To identify the highest-confidence DEGs using stringent methods, the same differential expression analysis was employed as in the main pipeline with modifications to the MAST algorithm and DEG classification thresholds. In addition to using the UMI count as a numerical covariate in MAST, the donor from whom the cells originated was incorporated as a categorical covariate in the ‘latent.vars’ variable of the ‘FindMarkers’ function. This allowed us to explicitly model donor-to-donor variation using a fixed effects model. Additionally, genes were only classified as “stringent DEGs” if they showed adjusted p < 0.01, and |log2FC| > 1.5 (FC = fold change) and were present in at least 25% of the cells in one of the categories tested.

Differential expression analysis between compartments (Figure S4)

In the supplementary analyses of Figure S4, we desired to study transcriptional differences between compartments for a given cell type in a given severity condition (e.g. severe neutrophils in BALF vs. severe neutrophils in PBMCs). To do this, it was necessary to conduct differential gene expression tests between donors who had been sequenced as part of different studies. We used the following method to attempt to mitigate the issue of batch effect. First, all BALF donors from the severity condition of interest were combined into a single pool and all PBMC donors from that condition were combined into a separate pool. Next, we conducted differential gene expression between these pools in a given cell type using the ‘FindMarkers’ function in Seurat implementing the MAST algorithm. In addition to using the UMI count depth as a numerical covariate in MAST, we also used the study of origin as a categorical covariate in the ‘latent.vars’ variable of the ‘FindMarkers’ function. This allowed us to explicitly model the batch effects between studies using a fixed effects model. As a result, the DEG list was shorter than if the same approach had been used without considering the study of origin as a covariate. In Figure S4, we considered DEGs that were robust to study-to-study batch variation with adjusted p < 0.01, |log2FC| > 1, and expression in at least 10% of cells in one of the conditions tested.
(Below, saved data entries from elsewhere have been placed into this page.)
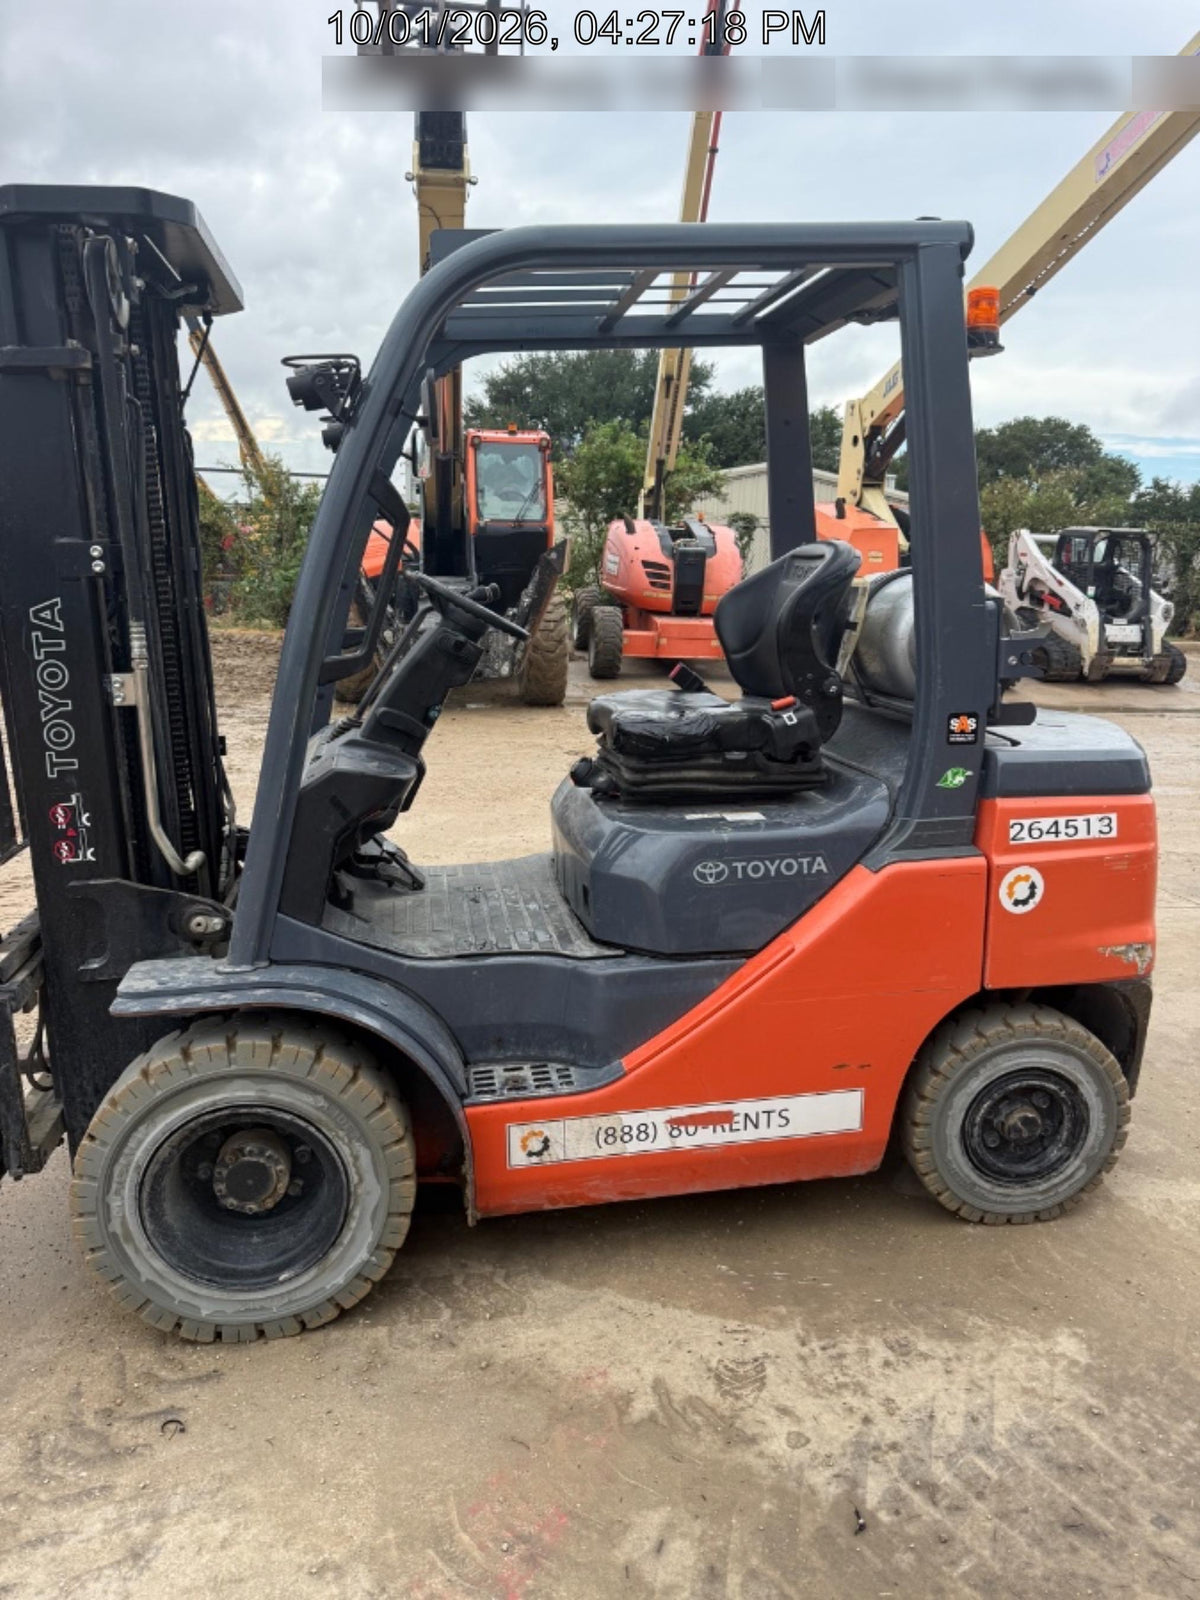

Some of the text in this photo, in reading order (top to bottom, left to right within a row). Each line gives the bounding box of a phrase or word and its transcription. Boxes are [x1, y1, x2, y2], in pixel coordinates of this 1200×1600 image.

[30, 597, 78, 778] TOYOTA
[949, 715, 977, 733] SAS
[1009, 816, 1113, 842] 264513
[732, 856, 828, 879] TOYOTA
[595, 1121, 657, 1148] (888)
Surface marker identification

The identification of cell surface markers indicative of severe disease was performed by cross-referencing the previously established DEGs for all cell types in a given dataset with entries in the Cell Surface Protein Atlas (CSPA) (Bausch-Fluck et al., 2015). DEGs were considered to be differentially expressed surface markers if they were included in the ‘high confidence’ CSPA category and showed significant differential expression (adjusted p < 0.05 and |log2FC| > 1). Differentially expressed surface markers were further examined for constitutive expression in cell types of interest by cross referencing with the Immune Cell Atlas human bulk RNA sequencing data (Regev et al., 2017).

Gene set enrichment analysis (GSEA)

Gene set enrichment analysis (GSEA) (Subramanian et al., 2005) was performed using the “fgsea” package (v. 1.12.0) (Korotkevich et al., 2016) in R using the ‘multilevel’ option. Differentially expressed gene lists generated using MAST were ranked by log2(FC), since -log10(p) values became arbitrarily large. GSEA results were interpreted according to normalized enrichment score (NES) and an adjusted p value, with a p < 0.05 threshold for defining significance. Pathways with positive NES were defined throughout the text as “enriched” and pathways with negative NES were defined as “depleted”.
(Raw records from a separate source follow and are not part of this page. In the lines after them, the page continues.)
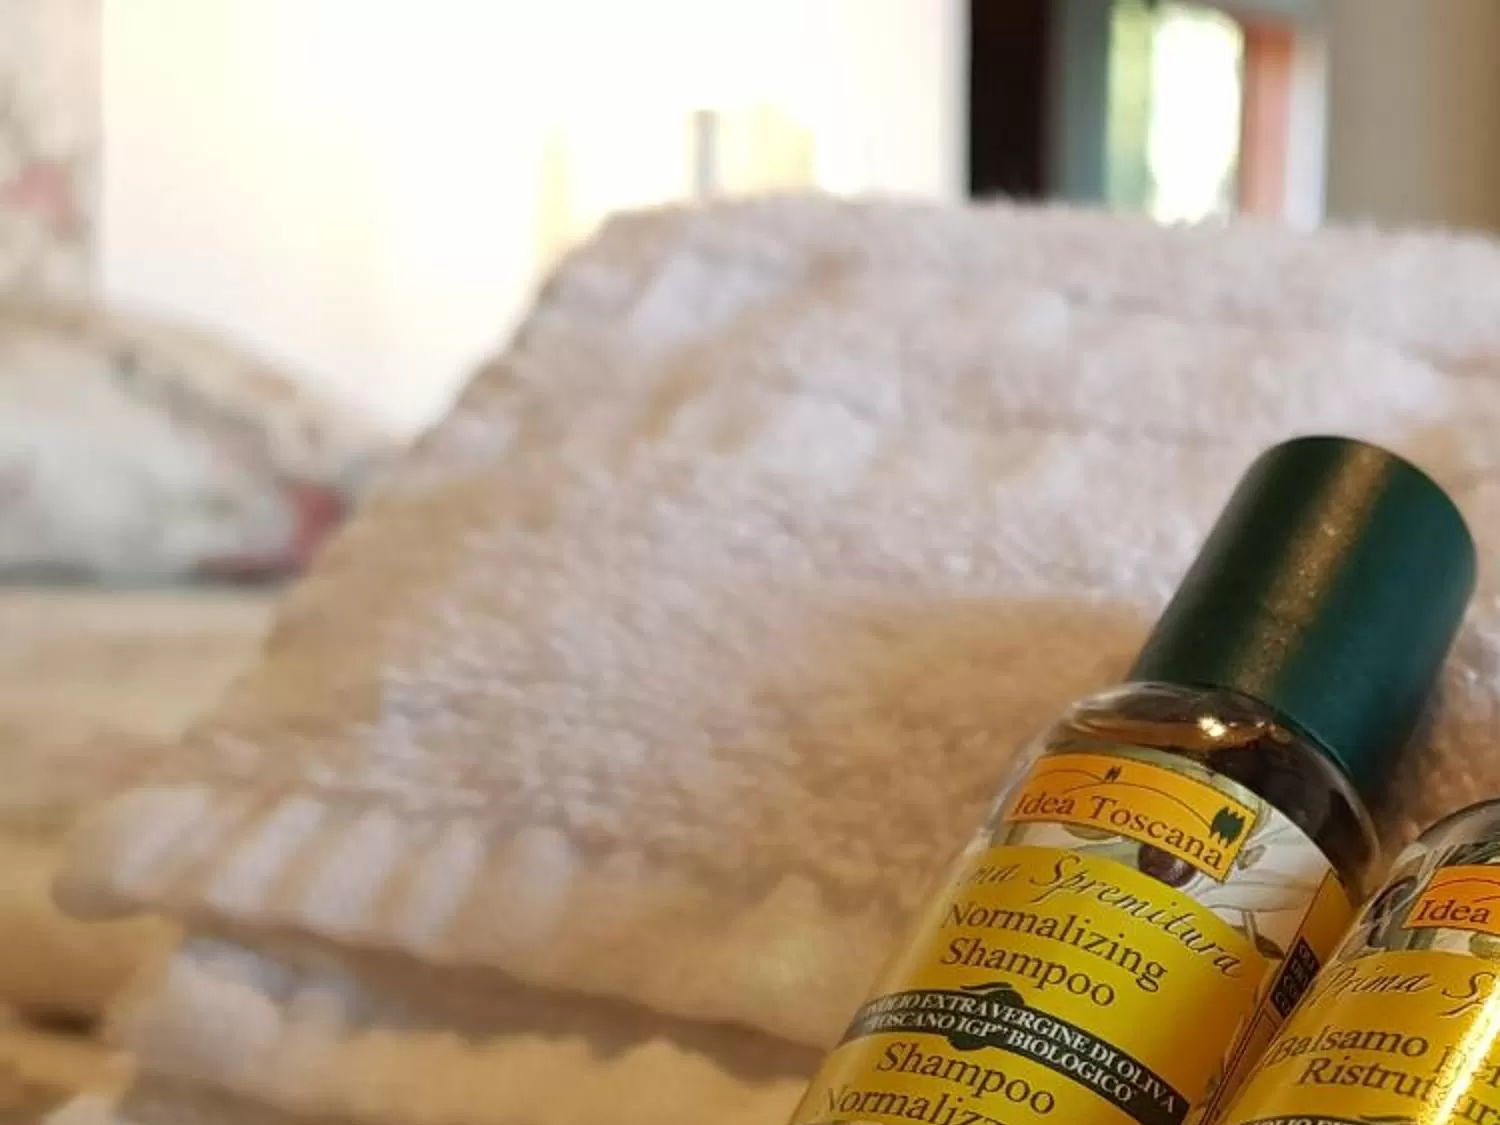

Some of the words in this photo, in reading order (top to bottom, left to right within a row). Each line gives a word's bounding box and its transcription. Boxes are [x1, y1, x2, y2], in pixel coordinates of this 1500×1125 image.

[1012, 791, 1076, 817] Idea
[1088, 795, 1224, 872] Toscana
[942, 902, 1169, 994] Normalizing
[1029, 854, 1242, 978] Spremitura
[1414, 899, 1491, 925] Idea
[941, 936, 1117, 1008] Shampoo
[875, 1040, 1056, 1116] Shampoo
[920, 992, 1091, 1054] EXTRAVERGINE
[1088, 1042, 1118, 1068] DI
[1116, 1059, 1176, 1114] OLIVA
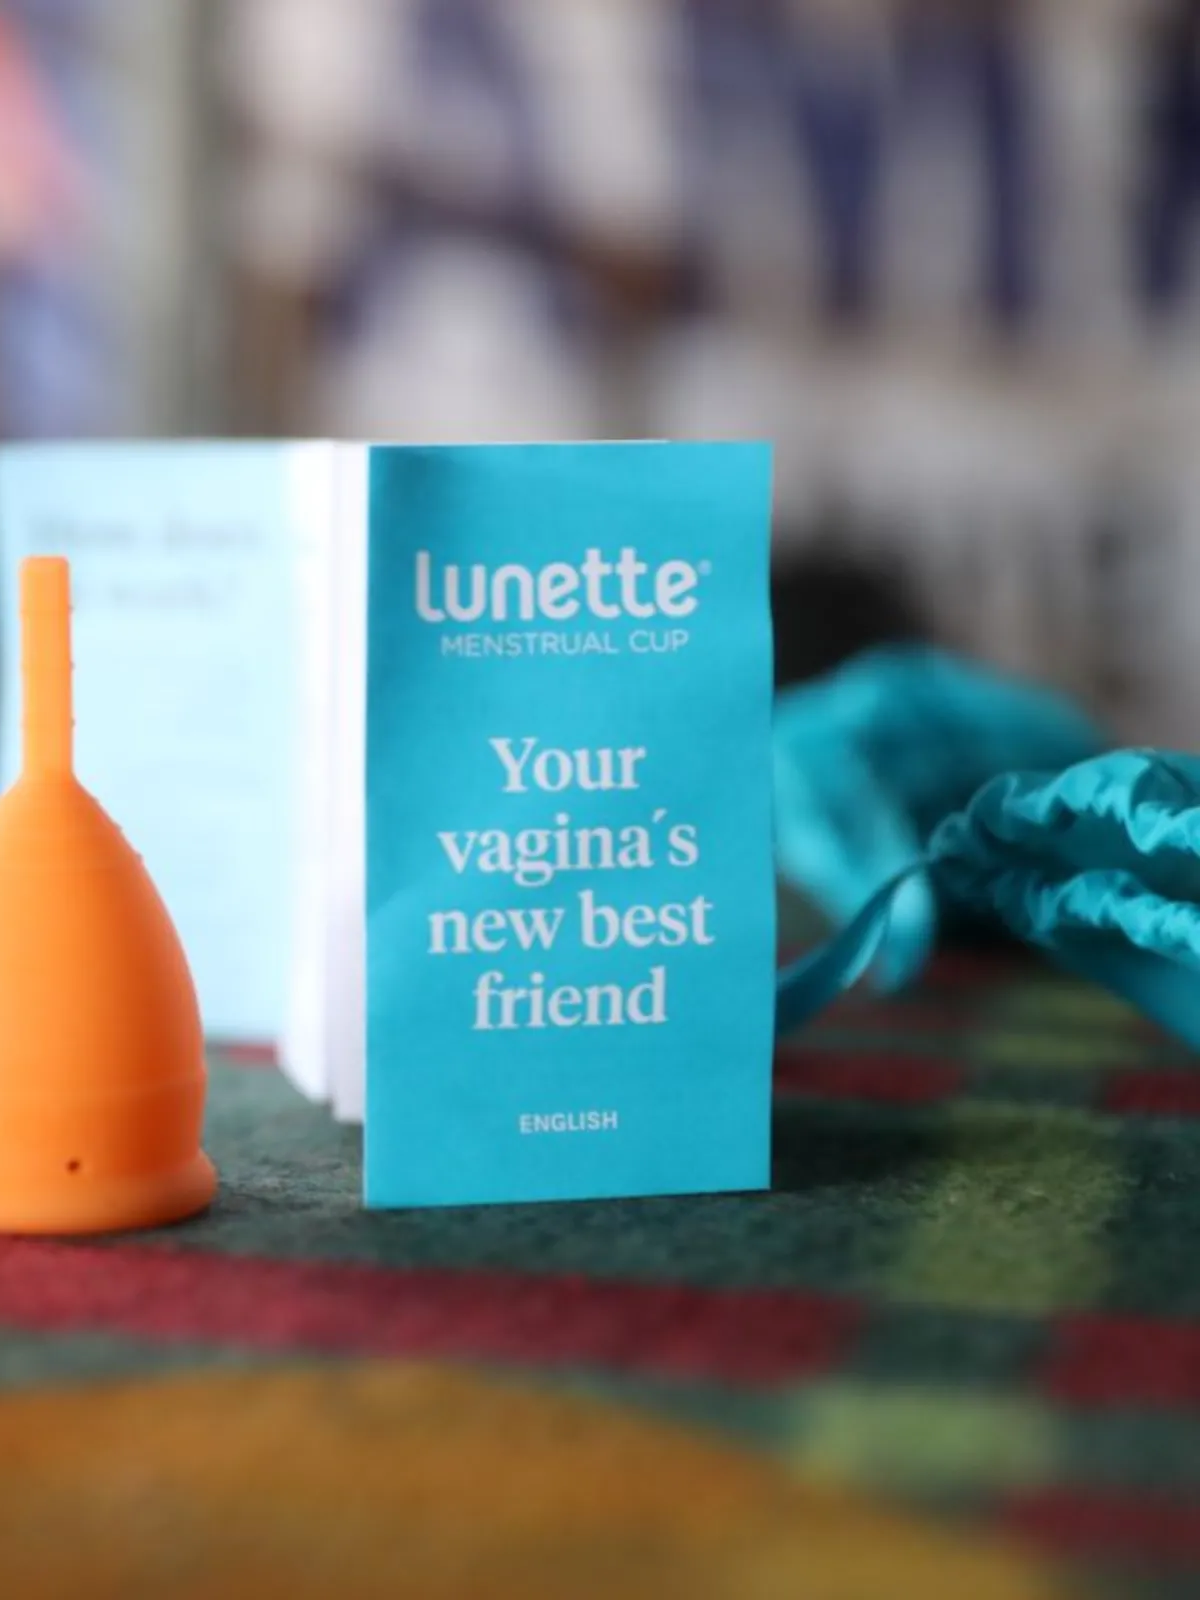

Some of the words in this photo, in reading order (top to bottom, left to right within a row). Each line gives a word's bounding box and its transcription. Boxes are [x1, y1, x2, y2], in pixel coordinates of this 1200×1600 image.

[441, 633, 619, 657] MENSTRUAL
[628, 629, 689, 653] CUP
[488, 736, 648, 793] Your
[427, 907, 566, 954] new
[578, 889, 715, 949] best
[472, 965, 668, 1030] friend
[519, 1111, 619, 1135] ENGLISH
Leading edge analysis (Subramanian et al., 2005) was conducted for cell types in which the “interferon alpha response” and “interferon gamma response” were both enriched or both depleted to determine the extent to which the same genes contributed to these pathways. The leading edge subsets for both pathways were compared with identify unique and common genes. Overlap was quantified using the Jaccard similarity index (intersection of leading edge subsets/union of leading edge subsets). The Jaccard index and the genes uniquely contributing to either pathway were visualized for each cell type (Figure S8).

Compartmental comparisons for main pipeline (Figures 2, 3, 4, and 5)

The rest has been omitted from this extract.